Paul’s discipleship model challenges modern church trends by prioritizing intimate, time-intensive mentoring over scalable programs. His approach with Timothy involved shared journeys, personal teaching, and ongoing formation through letters addressing doctrine and leadership. Paul urged believers to imitate him as their spiritual father, mirroring Jesus’ investment in the Twelve. This relational blueprint contrasts with contemporary structures focused on managing crowds efficiently rather than forming mature ministers through life-on-life engagement. The biblical pattern reveals how personal investment creates sustainable leadership reproduction that programmatic approaches often miss.
How should churches approach the task of making disciples in an age dominated by large-scale programs and digital connectivity? The apostle Paul’s method, as outlined in Acts and his epistles, offers a framework that stands in notable contrast to many contemporary approaches. His practice centered on personal investment rather than programmatic efficiency, a distinction that carries implications for modern ministry. Scholarly debates such as the contextualist reading influence how passages are applied today.

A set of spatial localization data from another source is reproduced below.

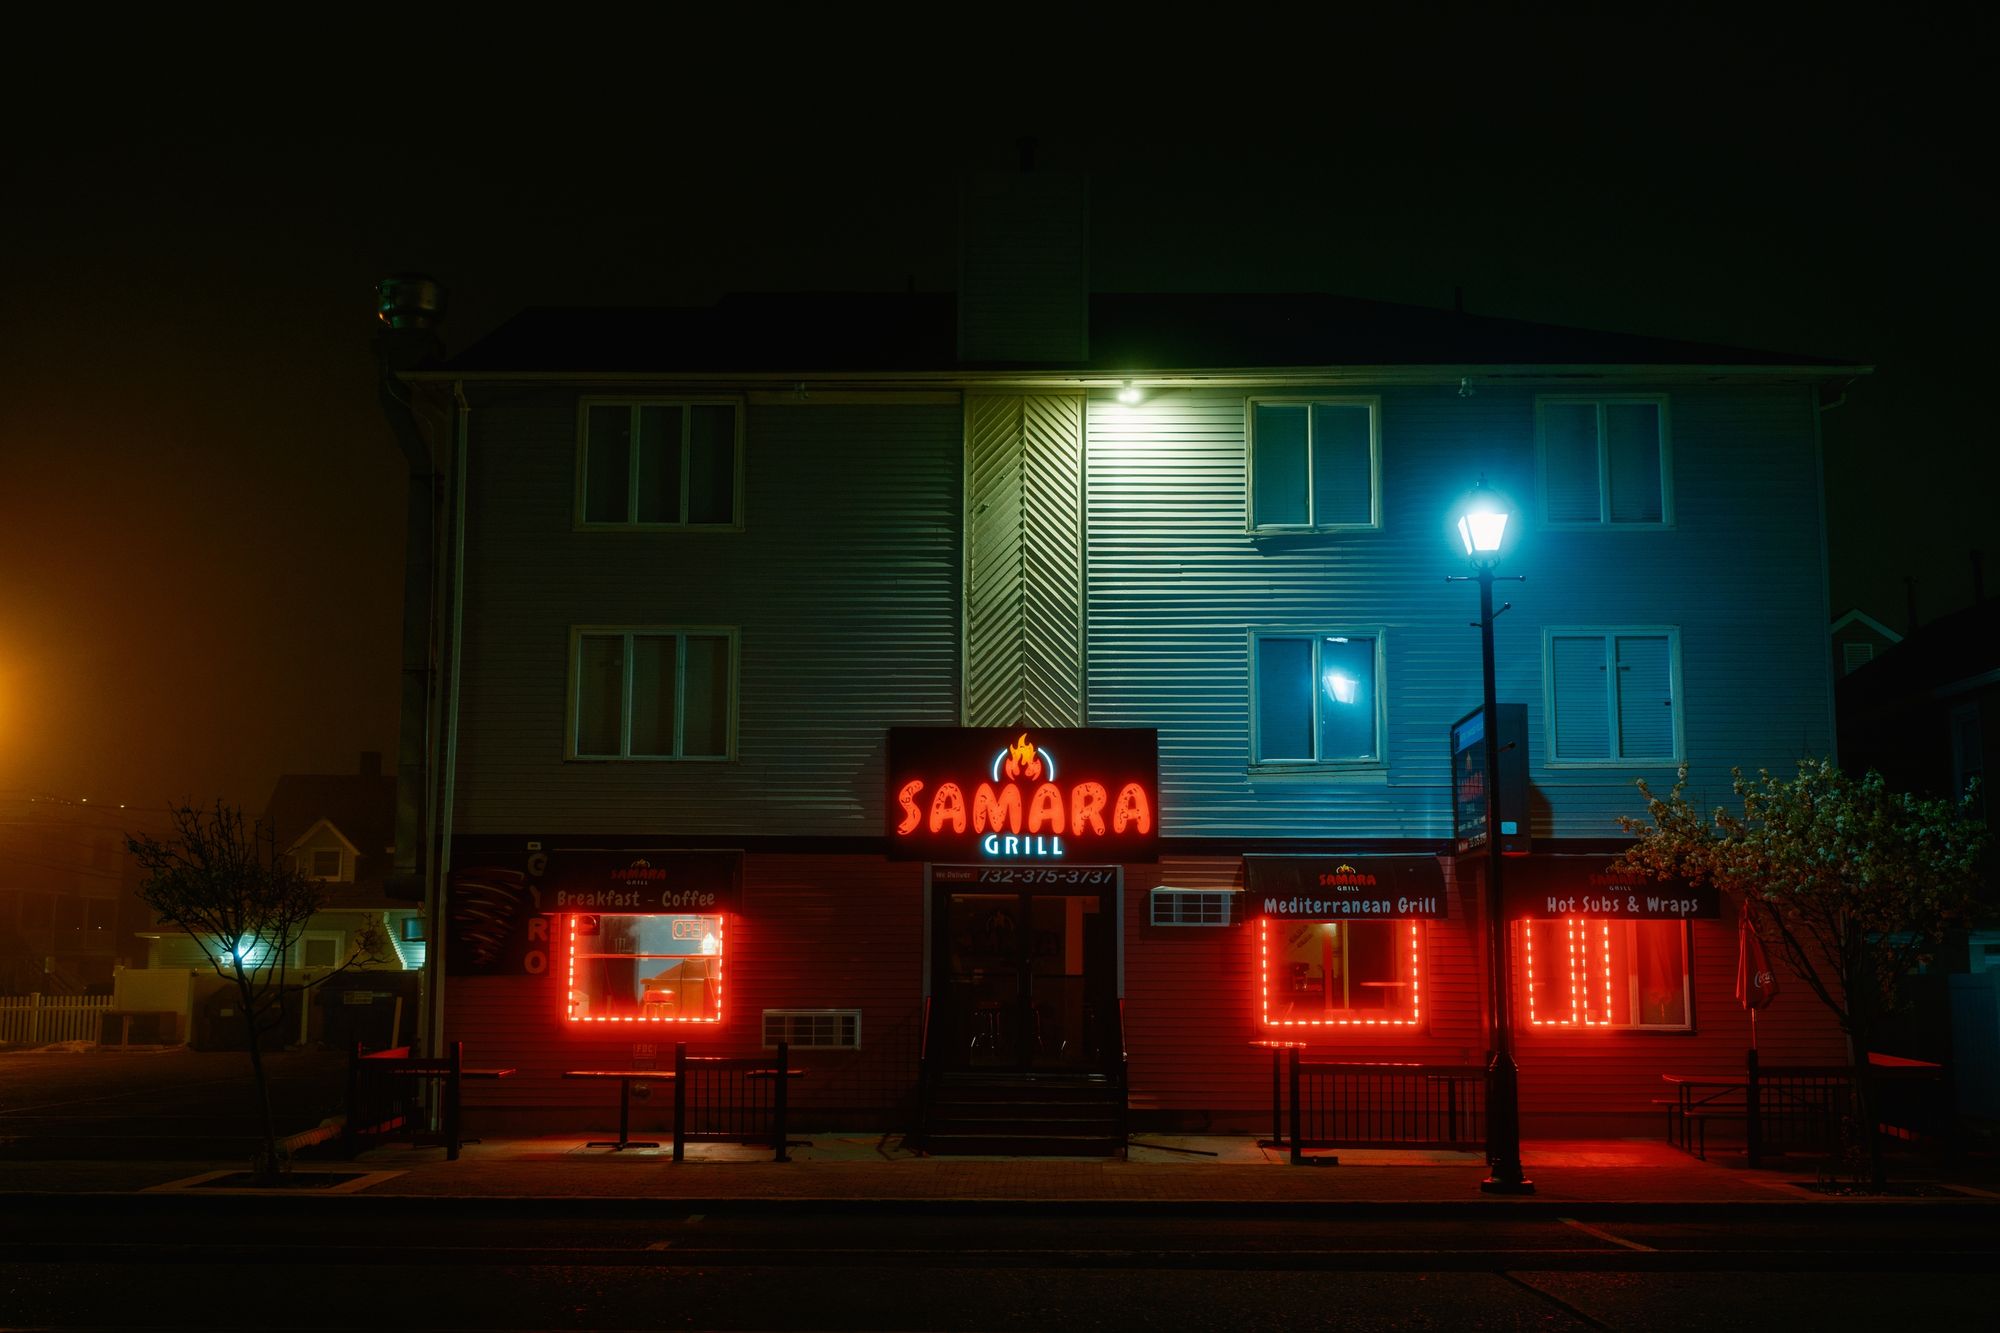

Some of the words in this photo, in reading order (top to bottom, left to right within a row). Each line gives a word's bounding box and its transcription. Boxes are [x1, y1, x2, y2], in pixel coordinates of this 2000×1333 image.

[897, 779, 1151, 837] SAMARA
[984, 834, 1063, 856] GRILL
[608, 868, 667, 881] SAMARA
[979, 868, 1113, 884] 732-375-3737
[1319, 873, 1377, 886] SAMARA
[557, 890, 640, 908] Breakfast
[662, 889, 716, 907] Coffee
[1264, 897, 1391, 914] Mediterranean
[1397, 897, 1436, 914] Grill
[1547, 896, 1576, 914] Hot
[1582, 896, 1620, 913] Subs
[1626, 896, 1640, 913] &
[1646, 896, 1700, 916] Wraps
[523, 852, 549, 975] GYRO

In Acts 14:21, Paul’s sequence appears straightforward: he preached the gospel in a city, made many disciples, then returned to strengthen their souls. The Great Commission itself positions “make disciples” as the main verb, with going, baptizing, and teaching functioning as supporting actions. This structure suggests discipleship is the core objective, not merely one ministry activity among many. Paul recognized new believers as spiritual infants requiring intentional nurturing, not simply converts to be counted and left to grow independently.
The Paul-Timothy relationship demonstrates this investment concretely. Paul birthed Timothy spiritually through the gospel, then spent years training him through shared journeys starting from Lystra. He laid hands on Timothy, confirmed prophecies over him, taught doctrine directly, and warned against moral failure. Later, physical distance did not end the relationship. Paul’s letters to Timothy provided ongoing formation, addressing church governance, sound doctrine, and leadership challenges with specific instructions on worship and handling false teachers.

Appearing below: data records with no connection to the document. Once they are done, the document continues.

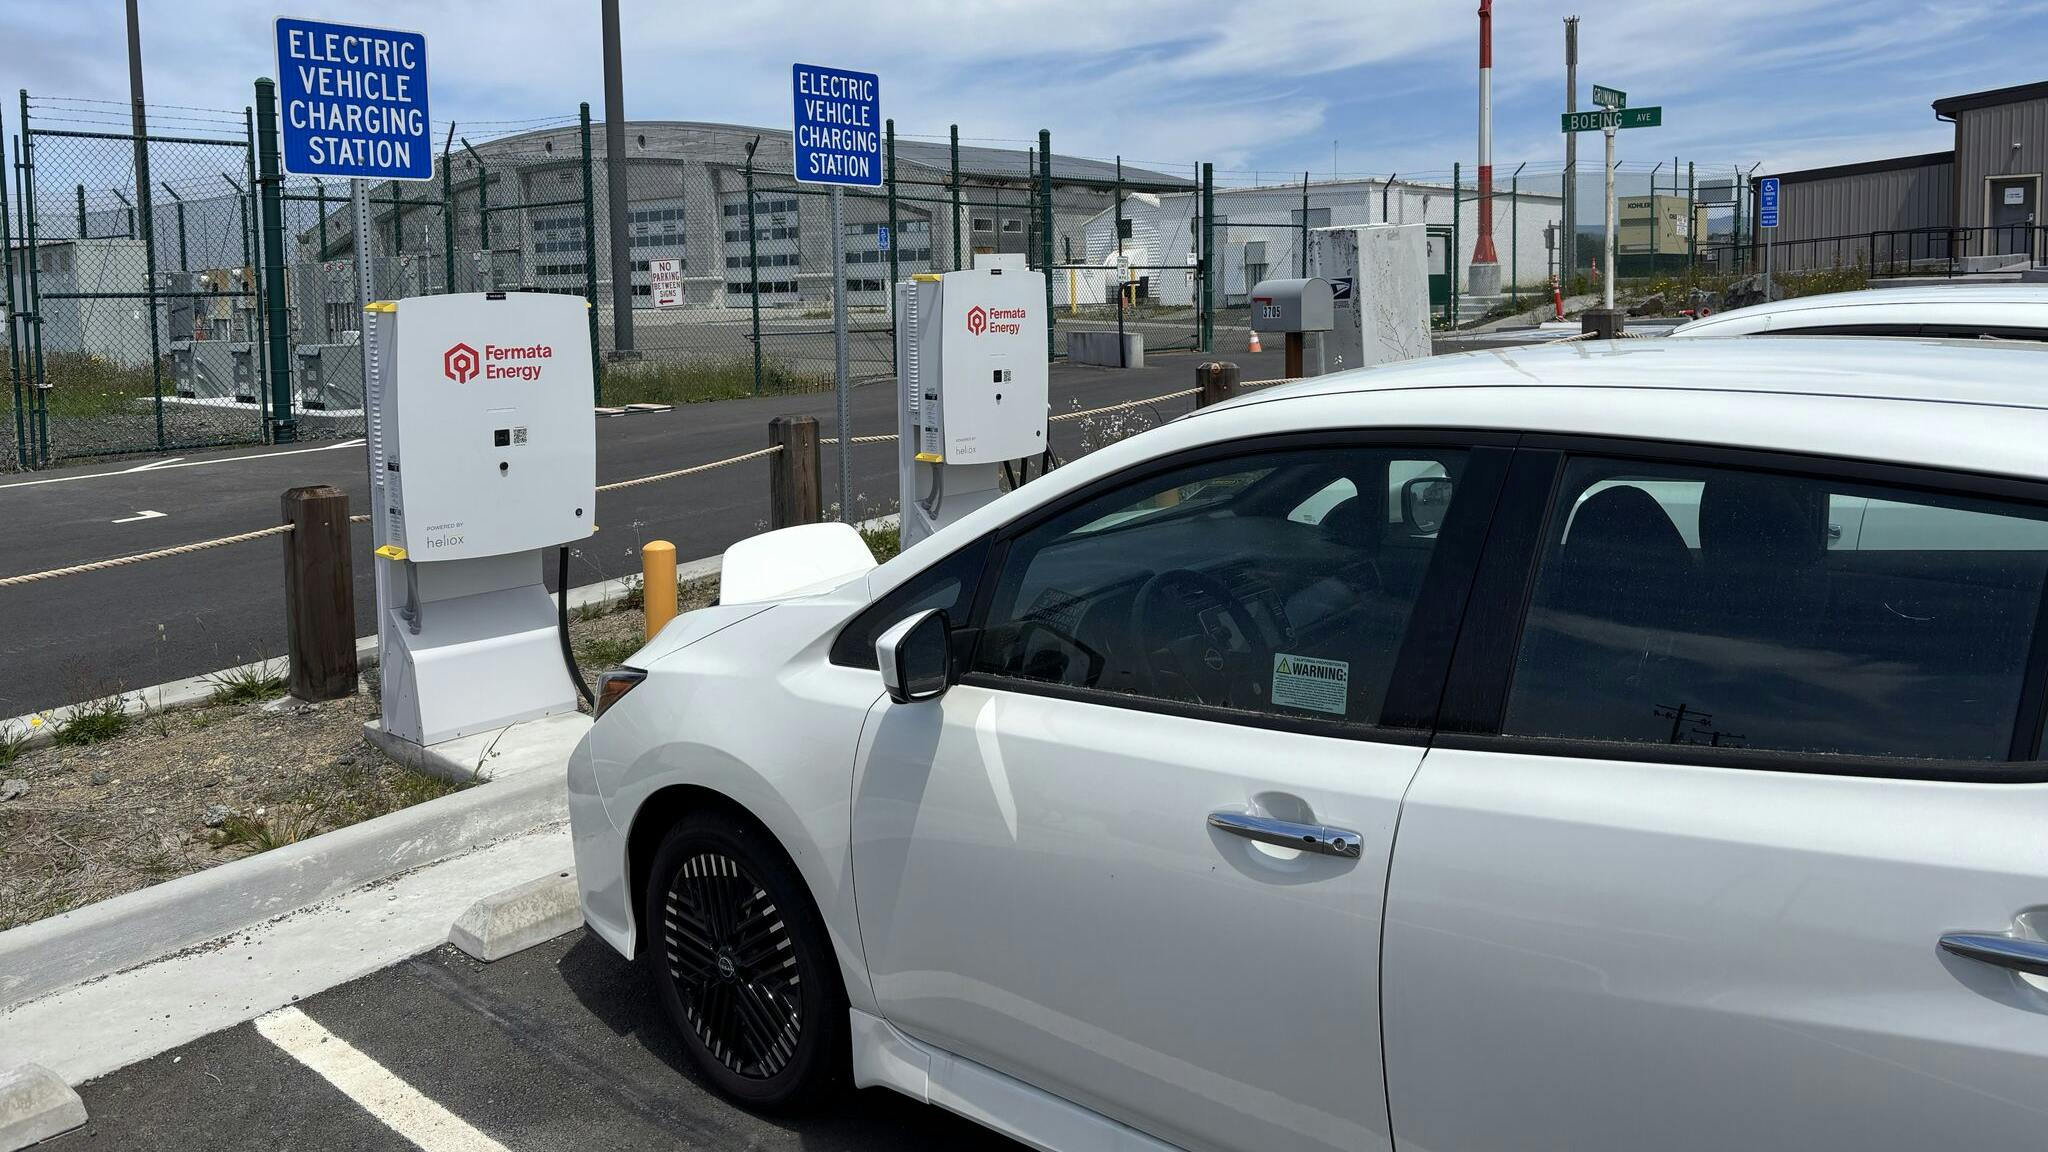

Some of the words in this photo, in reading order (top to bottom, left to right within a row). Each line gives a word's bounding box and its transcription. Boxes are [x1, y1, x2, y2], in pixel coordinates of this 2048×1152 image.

[289, 29, 416, 70] ELECTRIC
[298, 65, 412, 102] VEHICLE
[799, 71, 873, 102] ELECTRIC
[289, 99, 424, 137] CHARGING
[805, 98, 871, 127] VEHICLE
[1570, 112, 1623, 130] BOEING
[1636, 112, 1652, 122] AVE
[799, 124, 877, 153] CHARGING
[309, 136, 411, 169] STATION
[809, 152, 870, 178] STATION
[660, 262, 671, 271] NO
[653, 272, 680, 281] PARKING
[653, 282, 681, 290] BETWEEN
[660, 290, 677, 298] SIGNS
[989, 307, 1026, 320] Fermata
[1263, 306, 1281, 318] 3705
[989, 321, 1020, 335] Energy
[485, 344, 552, 361] Fermata
[486, 363, 542, 381] Energy
[426, 523, 455, 531] POWERED
[426, 533, 464, 549] heliox
[1292, 662, 1346, 682] WARNING:

This pattern emphasized imitation and modeling. Paul urged the Philippians to follow his example and told the Corinthians to imitate him as their spiritual father. His strategy mirrored Jesus’ approach with the Twelve, investing deeply in key individuals who could reproduce what they learned.
He described his care for the Thessalonians using metaphors of a nursing mother’s gentleness and a father’s exhortation, combining tenderness with accountability. Paul understood that strengthening believers functioned like military reinforcement after initial conquest, securing spiritual gains through continuous empowerment of new or weak disciples. Jesus had established this very standard through intentional life-on-life discipleship with the Twelve, demonstrating that proximity and intimacy formed the essential conditions for authentic imitation.
The discipleship chain Paul envisioned—from himself to Timothy to faithful men able to teach others—aimed to produce mature ministers and spiritual sons, not isolated believers. Without such intentional succession, Paul suggested, churches risk producing actors rather than authentic ministers.
This relational model, grounded in proximity and sustained through clear objectives, presents a challenge to churches evaluating whether their current structures truly form disciples or simply manage crowds.